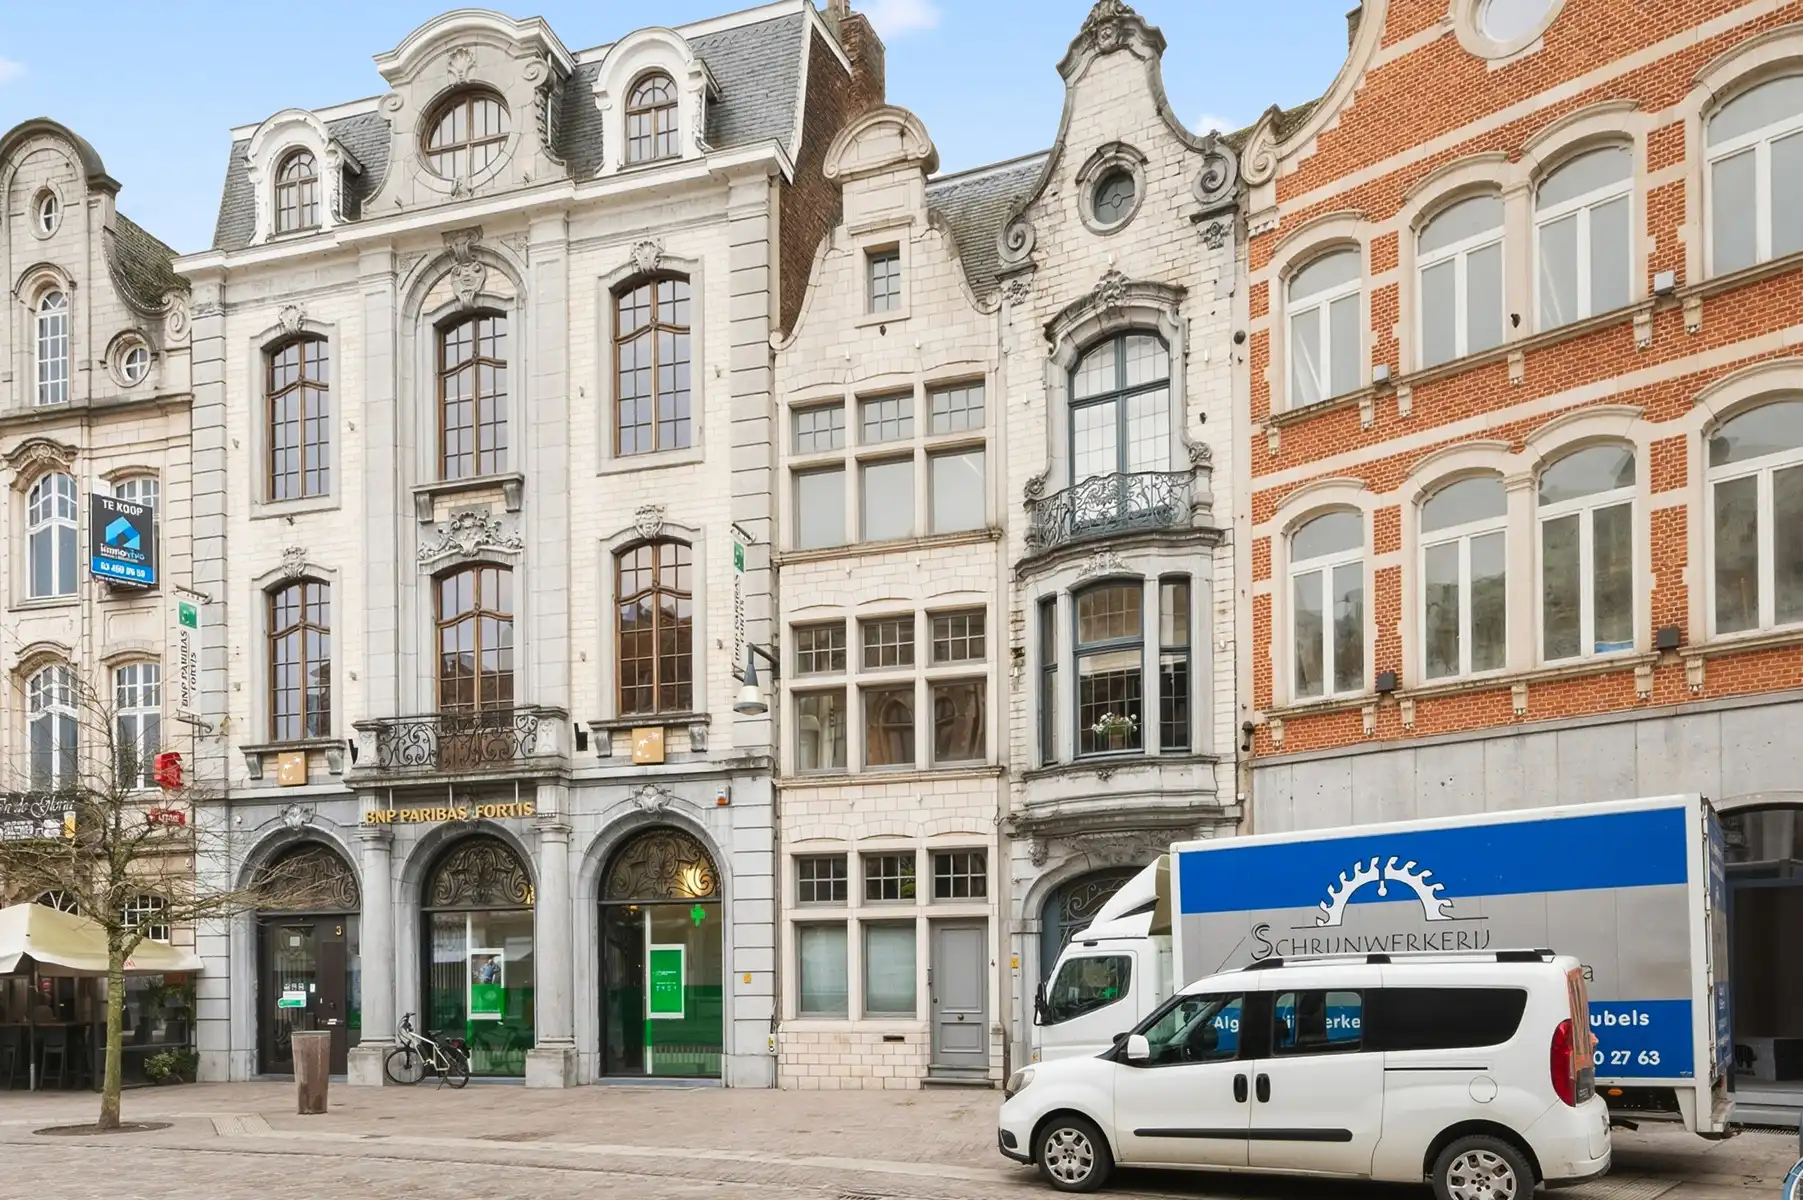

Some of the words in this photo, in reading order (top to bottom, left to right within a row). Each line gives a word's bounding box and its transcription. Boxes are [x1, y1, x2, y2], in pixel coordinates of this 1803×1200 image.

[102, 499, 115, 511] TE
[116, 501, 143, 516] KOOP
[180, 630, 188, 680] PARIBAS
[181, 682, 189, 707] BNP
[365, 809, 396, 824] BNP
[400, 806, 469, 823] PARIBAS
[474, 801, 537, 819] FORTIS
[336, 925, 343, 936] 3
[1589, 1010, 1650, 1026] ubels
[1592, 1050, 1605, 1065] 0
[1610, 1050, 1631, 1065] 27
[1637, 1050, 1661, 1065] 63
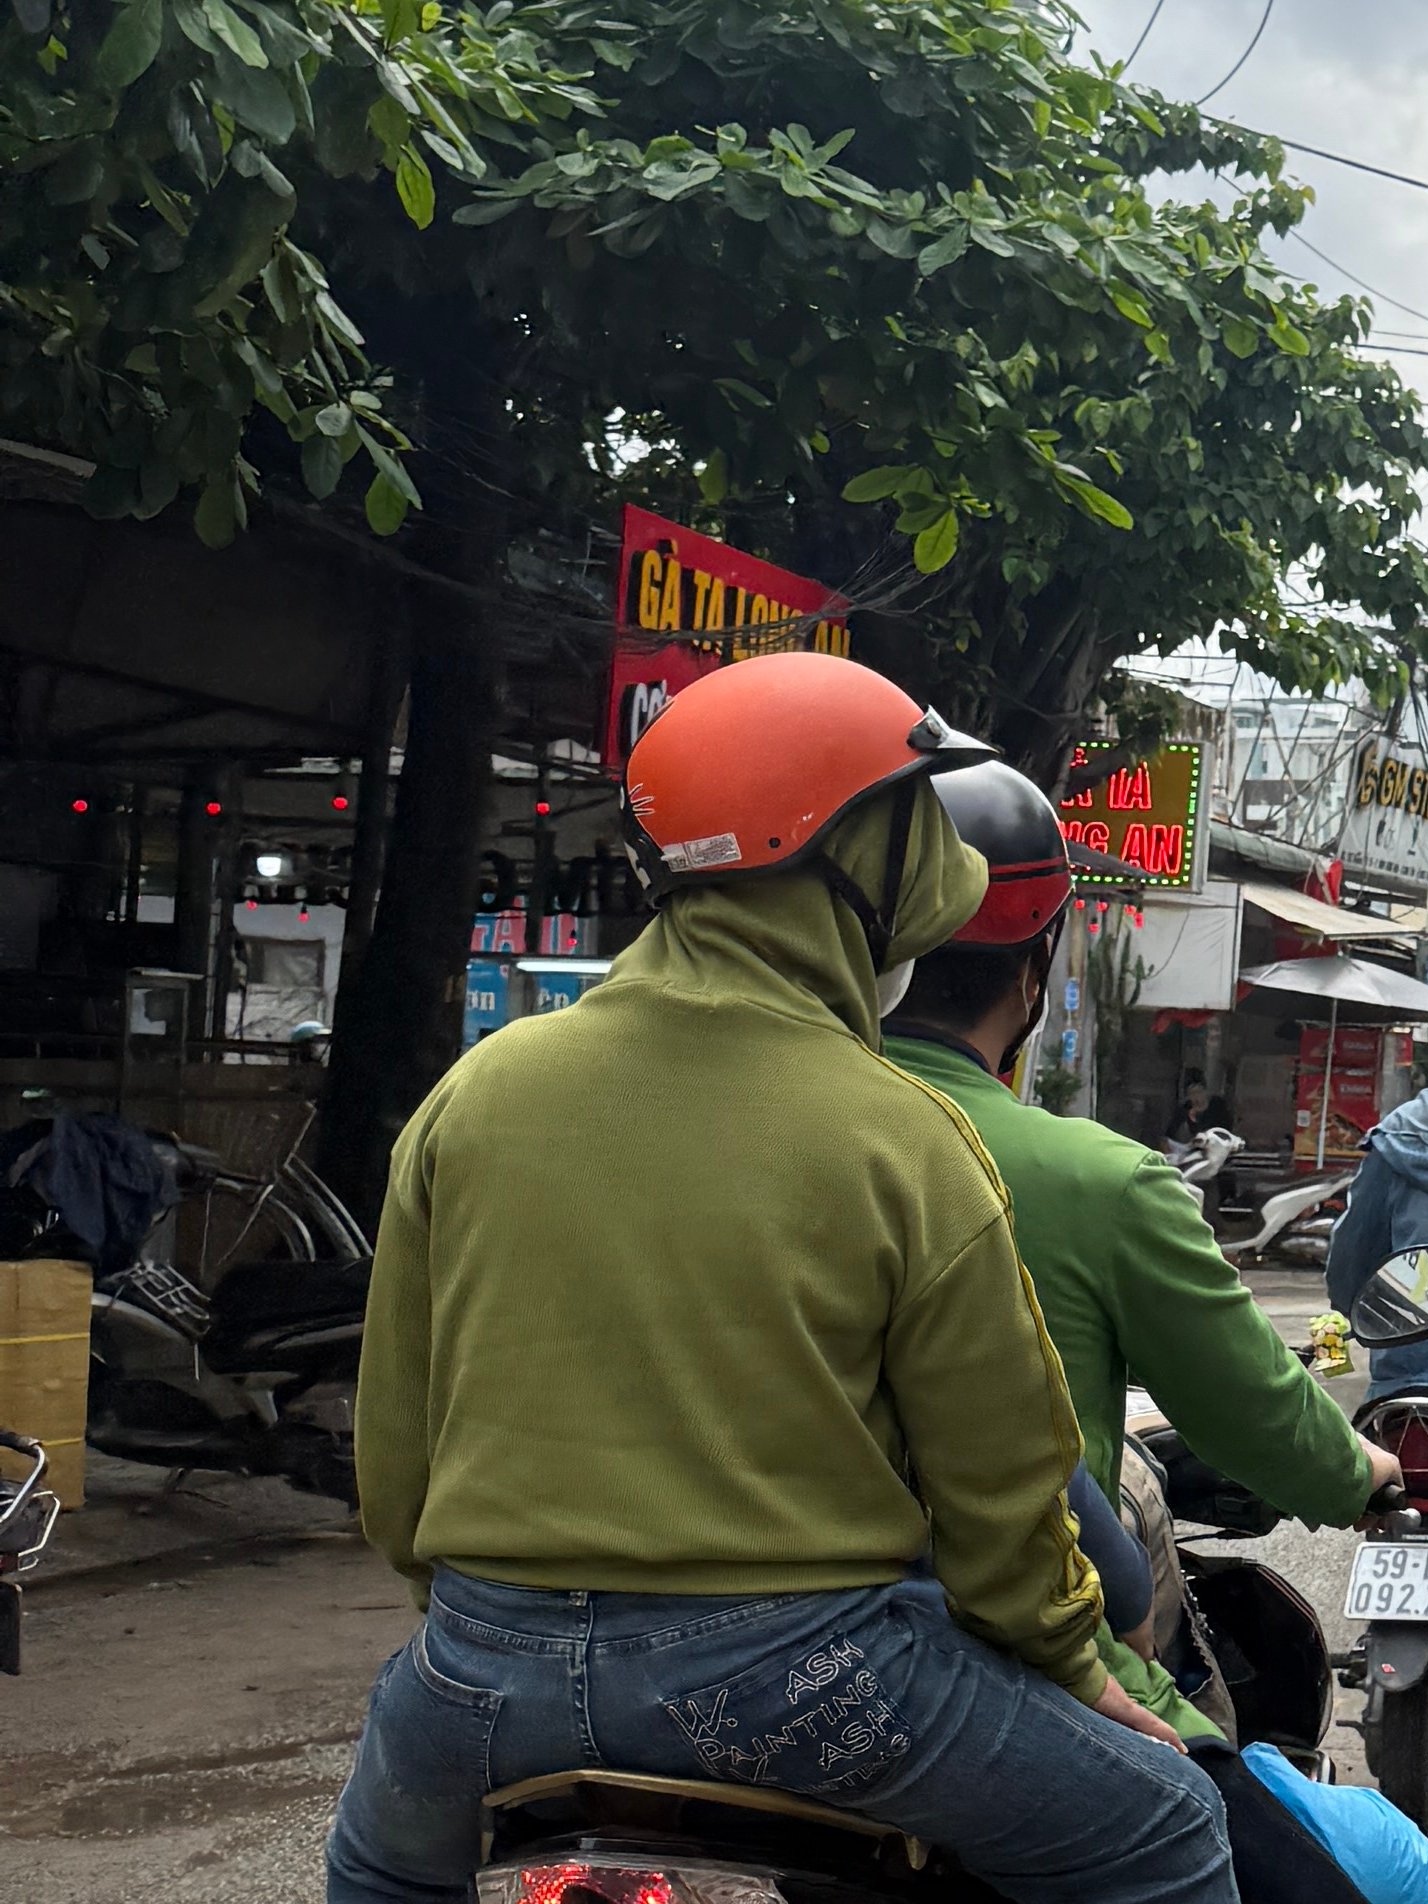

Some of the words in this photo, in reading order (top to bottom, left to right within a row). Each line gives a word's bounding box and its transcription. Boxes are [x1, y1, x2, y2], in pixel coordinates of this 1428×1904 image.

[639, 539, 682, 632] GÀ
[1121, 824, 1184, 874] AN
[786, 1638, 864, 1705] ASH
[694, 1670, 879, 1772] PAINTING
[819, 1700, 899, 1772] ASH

- - - - -

- Task to complete:
Each line, from the one that holds "this 1428×1904 image." through the last line of the entries, must be repeated exactly. Leave out everything else.

- Answer space:
Some of the words in this photo, in reading order (top to bottom, left to right within a row). Each line gives a word's bounding box and its transcription. Boxes are [x1, y1, x2, y2], in pixel coordinates of this 1428×1904 image.

[639, 539, 682, 632] GÀ
[1121, 824, 1184, 874] AN
[786, 1638, 864, 1705] ASH
[694, 1670, 879, 1772] PAINTING
[819, 1700, 899, 1772] ASH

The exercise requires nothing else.